Muchos exámenes prenatales se llevan a cabo rutinariamente en todas las mujeres embarazadas. Los exámenes de sangre y de orina poseen poco o ningún riesgo para la madre y el feto y pueden proporcionar información valiosa para ayudar a su profesional en el cuidado de la salud a proporcionar el mejor cuidado posible. Otros exámenes, aunque proporcionan información importante, vienen con riesgos considerables. Por lo tanto, no se recomiendan para todas las mujeres, sino para aquellos embarazos que se consideran de alto riesgo.
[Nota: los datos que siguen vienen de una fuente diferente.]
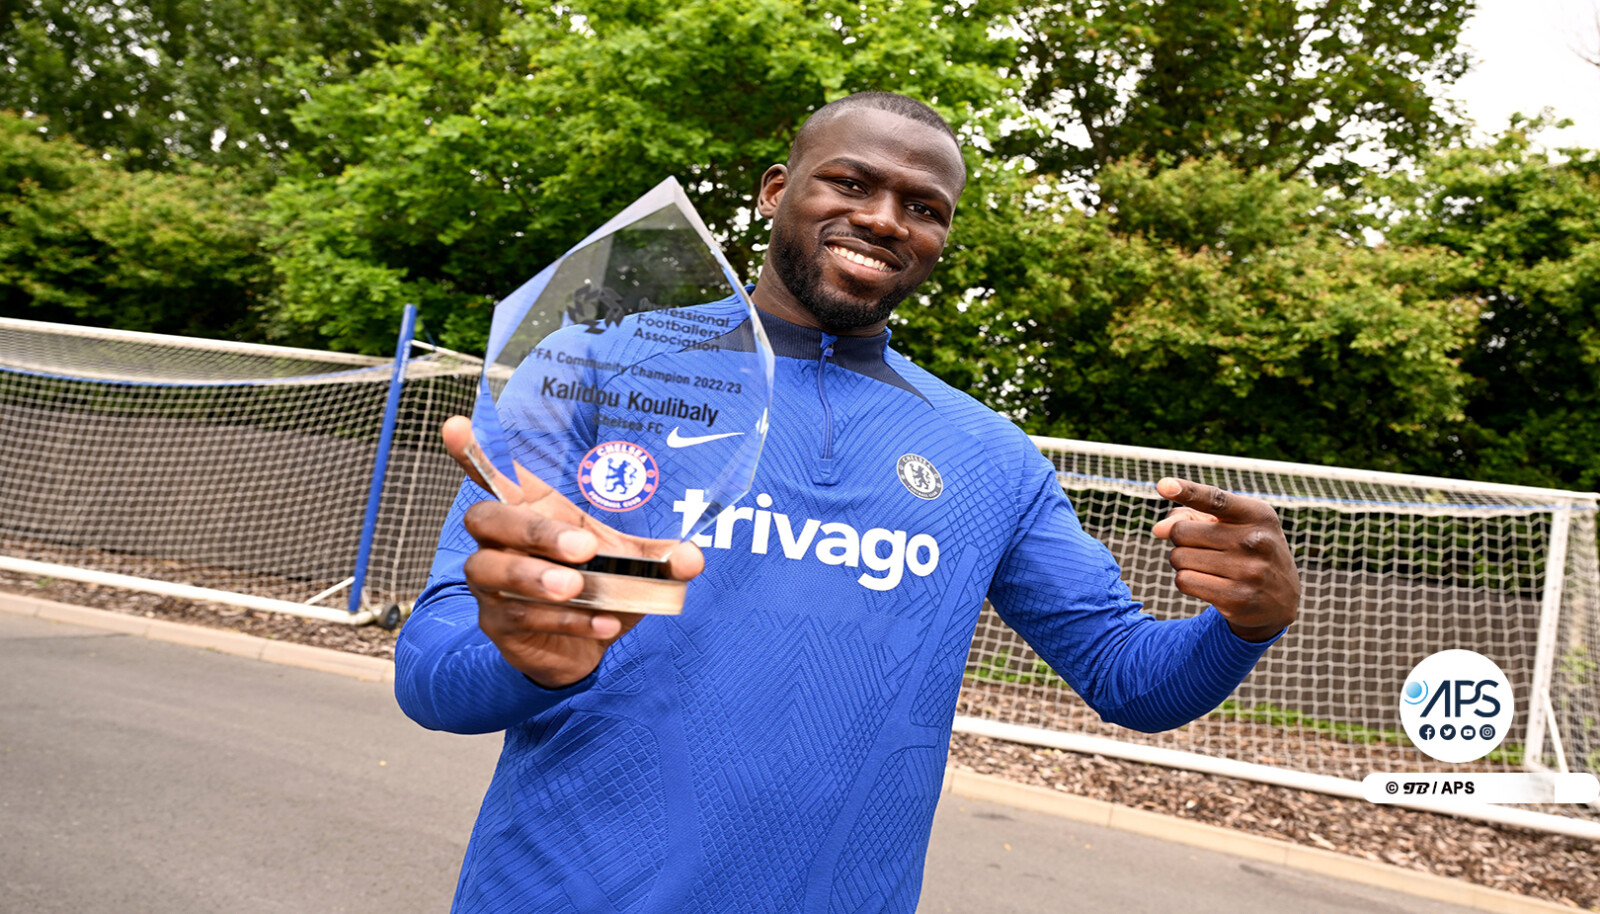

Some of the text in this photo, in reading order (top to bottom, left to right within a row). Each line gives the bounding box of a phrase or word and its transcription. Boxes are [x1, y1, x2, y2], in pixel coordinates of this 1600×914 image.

[633, 327, 720, 353] Association
[556, 351, 627, 376] Community
[630, 364, 691, 386] Champion
[694, 375, 742, 394] 2022/23
[541, 376, 719, 428] Kalidou Koulibaly
[647, 421, 665, 435] FC
[596, 443, 648, 465] CHELSEA
[673, 488, 940, 591] trivago
Algunos factores maternos que pueden hacer que un embarazo sea de alto riesgo incluyen:

  • 35 años de edad o más
  • Parto previo de un bebé prematuro
  • Parto previo de un bebé con un defecto congénito
  • Un problema médico serio, como Presión arterial elevada, diabetes, lupus, moderada a severa asma, o un trastorno de ataques
  • Origen étnico en el cual sean comunes trastornos genéticos (en la madre o el padre)
  • Historial familiar de retraso mental (en la madre o el padre)

Su profesional en el cuidado de la salud podría recomendar exámenes más invasivos si su embarazo es de alto riesgo, pero en última instancia la decisión de someterse a una prueba es suya. Entender cada prueba y qué es lo que mide, qué tan confiable es, y los riesgos asociados con la prueba le ayudará a tomar su decisión. Además, es importante considerar cuidadosamente con su profesional en el cuidado de la salud cuáles son sus opciones si la prueba indica que podría haber un problema.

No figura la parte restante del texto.